Problem description | Restate, word for word, the run of lines that starts at the line containing "this 2048×1365 image." and ends with the final line of the listing. Leave pictures out.

◆ ◆ ◆ ◆

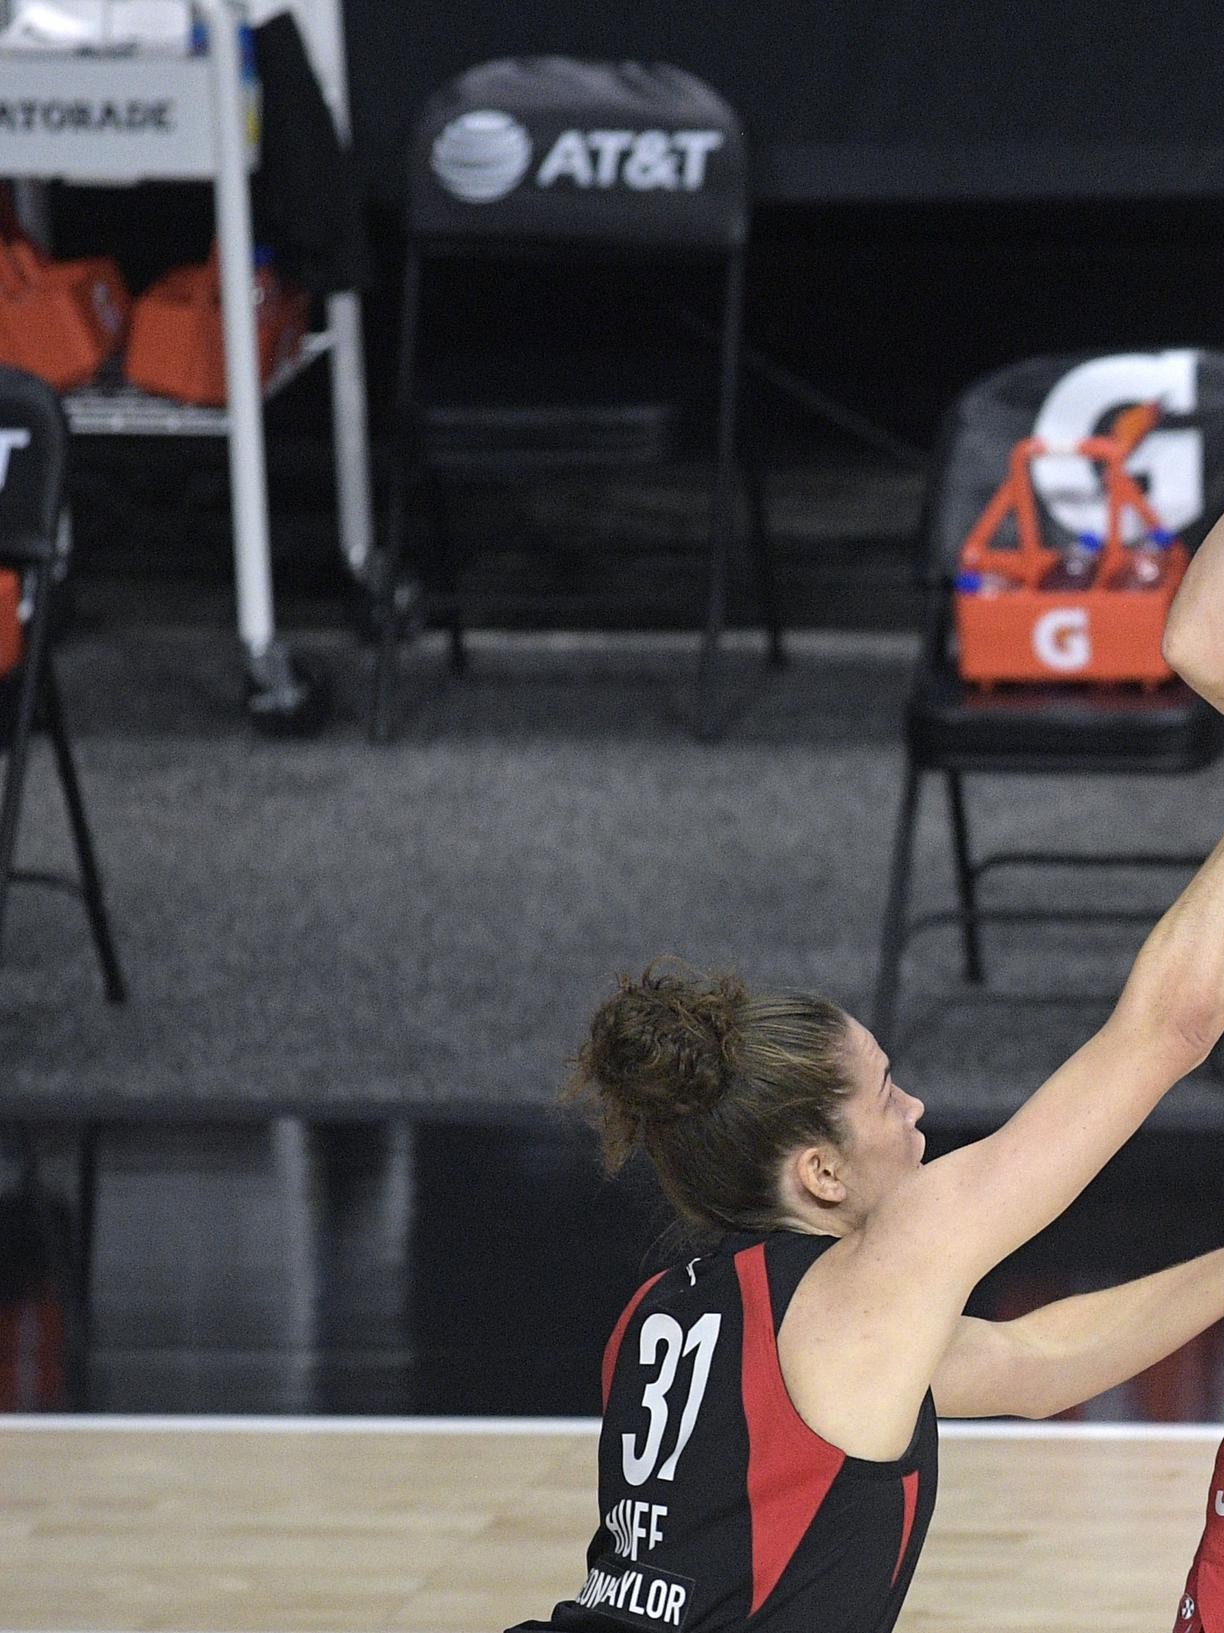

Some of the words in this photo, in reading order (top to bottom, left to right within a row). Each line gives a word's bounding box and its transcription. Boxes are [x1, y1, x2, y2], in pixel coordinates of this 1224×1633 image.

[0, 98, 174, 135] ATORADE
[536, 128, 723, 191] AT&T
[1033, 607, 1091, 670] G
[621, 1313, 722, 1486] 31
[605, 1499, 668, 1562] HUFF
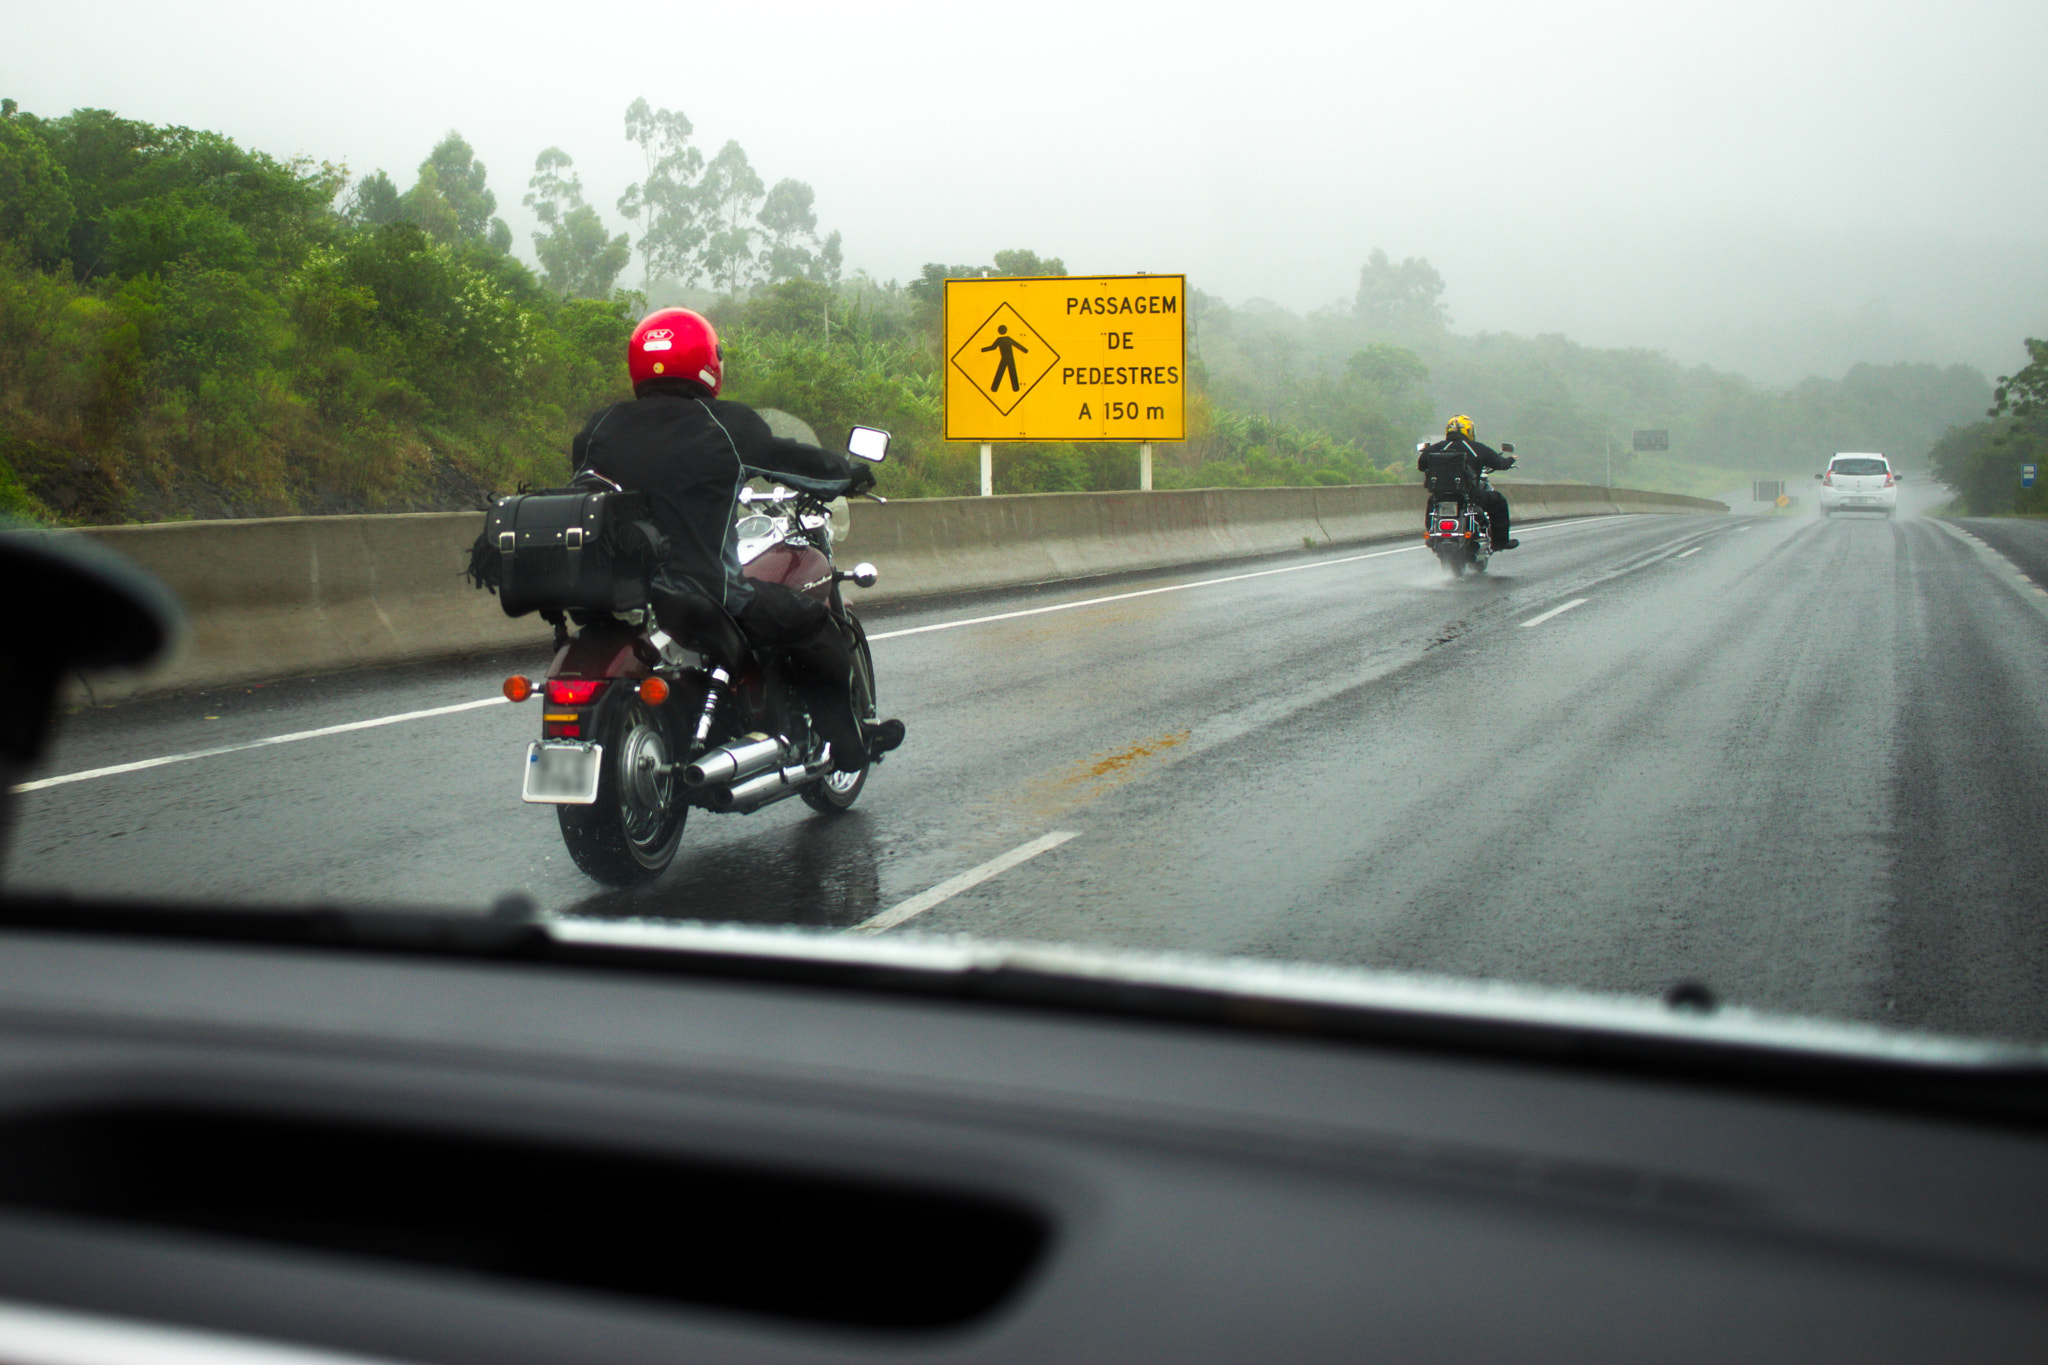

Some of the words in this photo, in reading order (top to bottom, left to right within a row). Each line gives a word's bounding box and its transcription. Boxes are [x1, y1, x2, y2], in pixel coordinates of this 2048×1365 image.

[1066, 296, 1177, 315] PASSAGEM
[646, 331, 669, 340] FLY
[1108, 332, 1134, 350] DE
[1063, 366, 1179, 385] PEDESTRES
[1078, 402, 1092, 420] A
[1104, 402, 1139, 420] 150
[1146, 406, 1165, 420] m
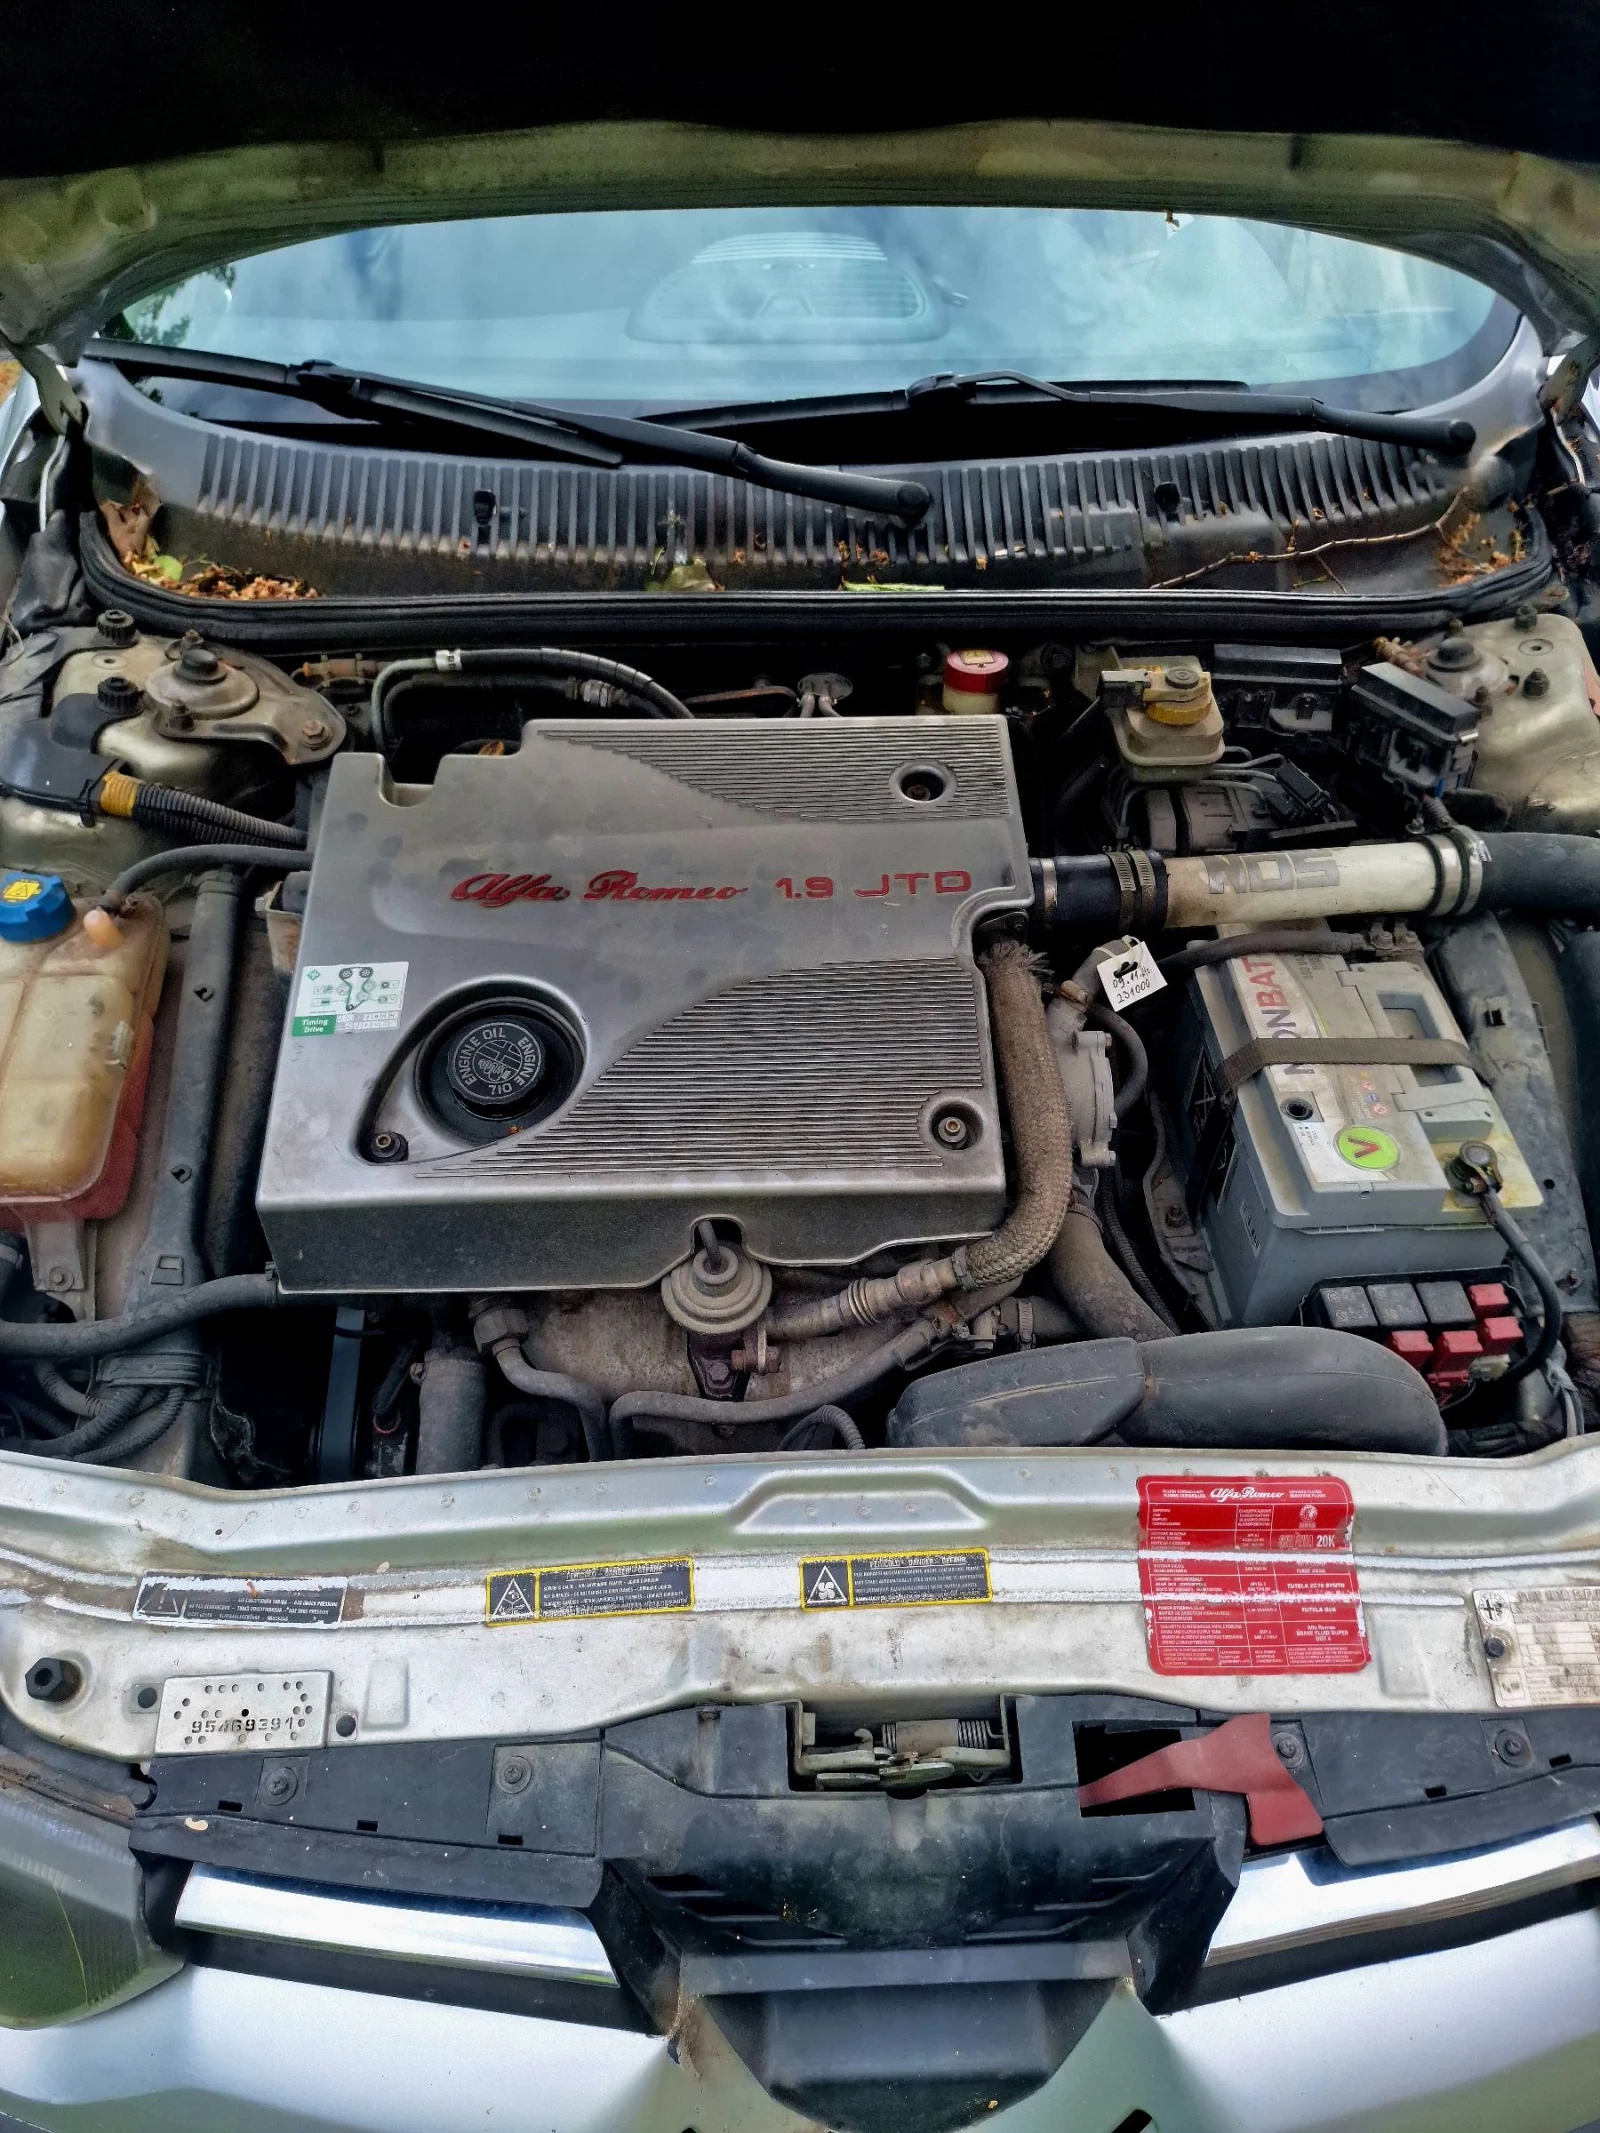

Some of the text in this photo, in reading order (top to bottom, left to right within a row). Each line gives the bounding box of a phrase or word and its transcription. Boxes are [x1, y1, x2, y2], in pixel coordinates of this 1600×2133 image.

◆ ◆ ◆ ◆

Task result |
Some of the words in this photo, in reading order (top to bottom, left to right within a row). Each line gives a word's bounding box and its transcription. Boxes are [x1, y1, x2, y2], in pixel coordinates of this 2048×1365 image.

[1066, 296, 1177, 315] PASSAGEM
[646, 331, 669, 340] FLY
[1108, 332, 1134, 350] DE
[1063, 366, 1179, 385] PEDESTRES
[1078, 402, 1092, 420] A
[1104, 402, 1139, 420] 150
[1146, 406, 1165, 420] m

Some of the text in this photo, in reading order (top to bottom, left to right within a row). Each line gives the bounding box of a phrase or word and its transcription. Boxes are [x1, y1, x2, y2], in pixel coordinates of this 1600×2133 image.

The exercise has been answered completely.